You're buying a forever home. If you plan to live there for 10–20+ years, the long-term rate reduction is extremely valuable. Points bought on a 30-year loan that you hold for 25 years produce enormous cumulative savings.

Rates are elevated and unlikely to fall soon. If you buy points when rates are high and then rates drop, you'll refinance anyway — losing the value of the points paid. But if rates are expected to stay flat or rise, locking in a lower rate via points is more valuable.

You have cash to spare after the down payment and reserves. Points only make sense if you have sufficient liquid savings after paying them. Depleting reserves to buy points creates financial risk.

The monthly savings meaningfully improve your budget. If reducing the rate by 0.5% brings your monthly payment below a threshold that makes the budget significantly more comfortable, the psychological and practical value can justify the upfront cost even before the break-even point.

When Points Are Not Worth It

You plan to sell or move within 5–7 years. Most break-even periods fall in this range. If there's a reasonable chance you'll move before then, don't buy points.

Rates are likely to fall and you'd refinance. In an environment where the Federal Reserve is expected to cut rates, buying points today and then refinancing in 2 years forfeits the upfront cost entirely.

You need the cash for reserves or other goals. $7,000 in points buys you $113/month in savings (break-even ~62 months). That same $7,000 in an index fund at historical returns grows meaningfully over 5 years. Points aren't automatically the best use of excess closing cash.

Tax Treatment

Discount points paid when buying or building a primary residence are generally deductible in the year paid if they meet IRS requirements — including that the points are a standard practice in your area, they aren't paid in lieu of other closing costs, and the loan is secured by your main home.

Points paid on a refinance must be deducted over the life of the loan (amortised), not all in year one — unless the refinance cash-out portion was used for home improvements. Given the complexity, consult a CPA or tax advisor if you're counting on the deduction. Source: IRS Topic 504.

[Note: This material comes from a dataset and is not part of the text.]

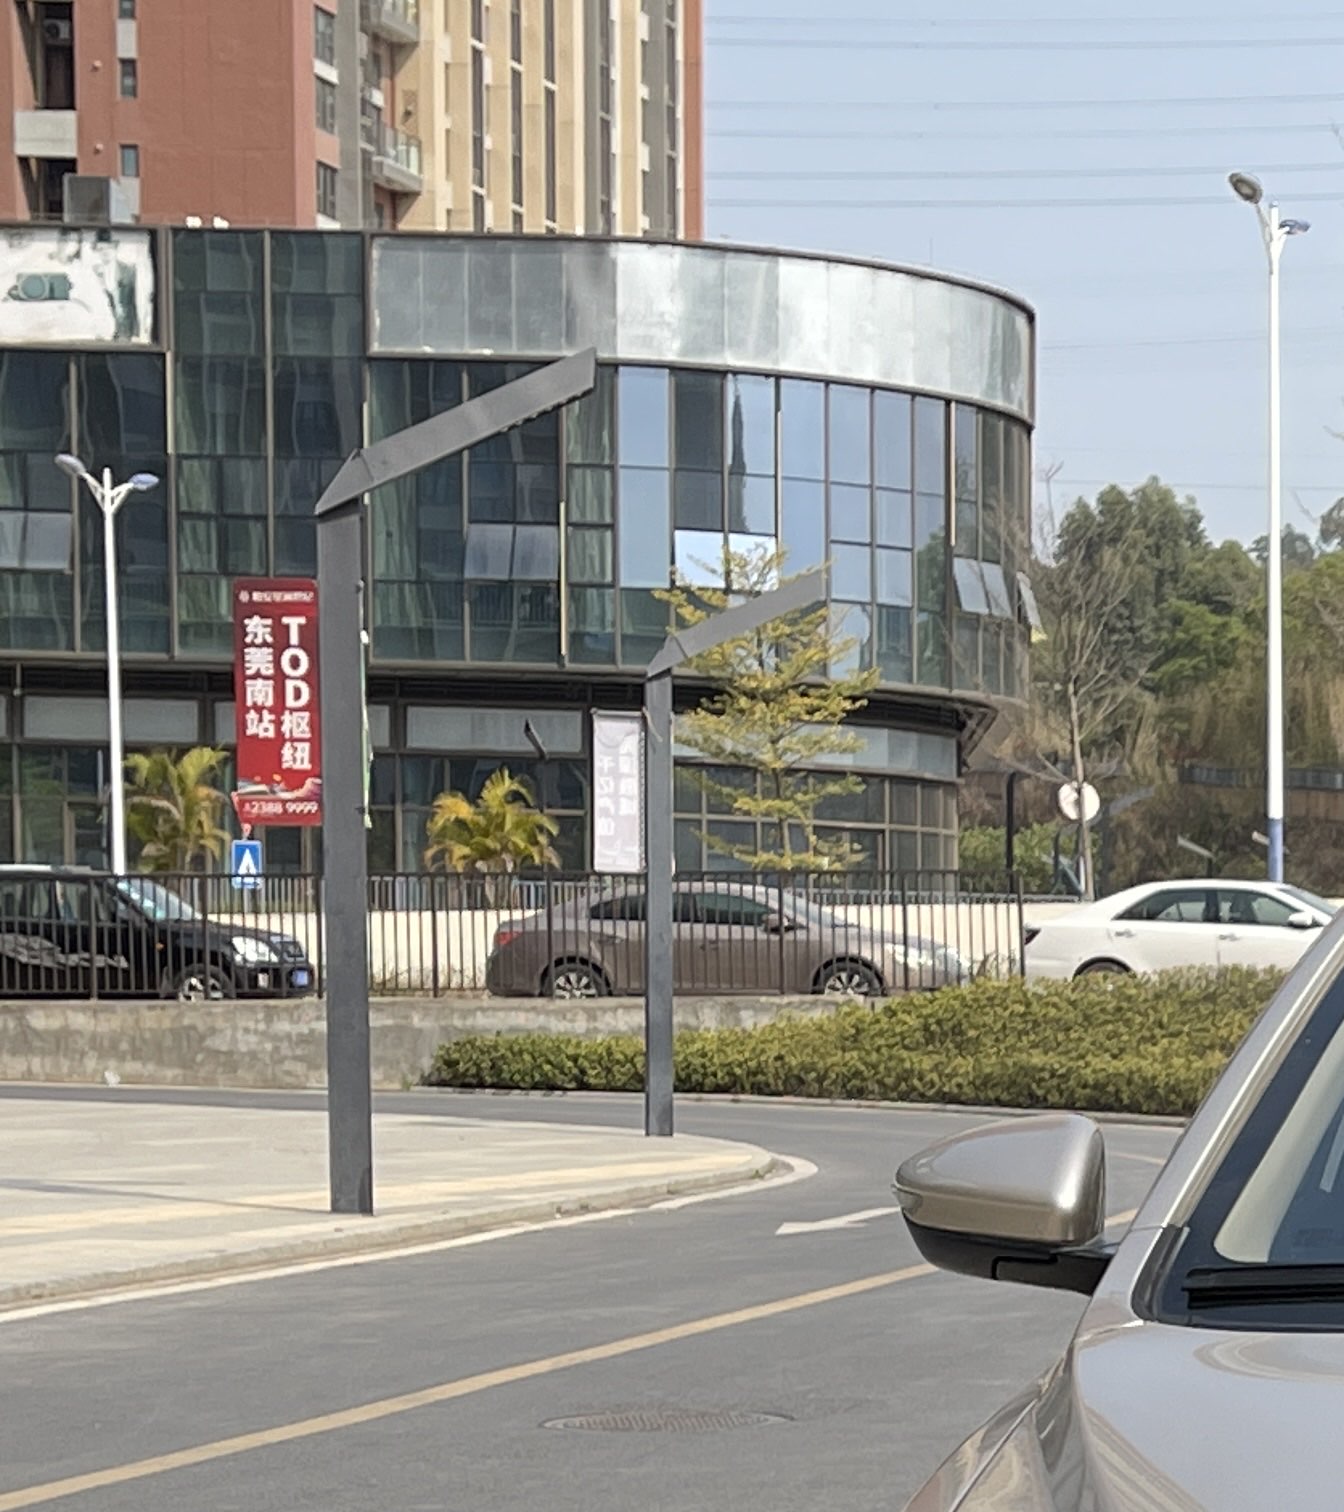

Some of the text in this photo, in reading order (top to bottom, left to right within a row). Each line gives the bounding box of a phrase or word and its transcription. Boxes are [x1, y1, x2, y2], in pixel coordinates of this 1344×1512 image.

[243, 614, 276, 739] 东莞南站
[280, 615, 313, 771] TOD枢纽

Rate Buydowns in the UK, India, and Canada

UK: The concept of buying down your interest rate via upfront points doesn't directly translate to the UK market. UK mortgages are typically quoted as a complete package — the rate, arrangement fee, and terms are bundled. Arrangement fees (typically £999–£2,000) sometimes produce lower rates, which is functionally similar to paying points. A mortgage broker can model whether a low-fee/higher-rate or high-fee/lower-rate deal is cheaper for your expected holding period. Check MoneyHelper at moneyhelper.org.uk.

India: Indian home loans don't use a points system, but some banks offer processing fee waivers or reduced rates for customers meeting certain profiles (high credit score, large down payment, existing relationship with the bank). Prepayment of a lump sum early in the loan can achieve a similar economic effect to buying points — reducing the outstanding balance reduces both future interest and total loan cost. RBI guidelines at rbi.org.in.

Canada: Like the UK, Canadian mortgages don't use a points system as standard. Lenders quote a rate with associated terms. Some lenders offer rate reductions in exchange for restrictions (e.g., larger prepayment penalties or limitations on portability). A mortgage broker comparison across lenders achieves the same result — finding the best rate for your specific term and amortisation. CMHC at cmhc-schl.gc.ca.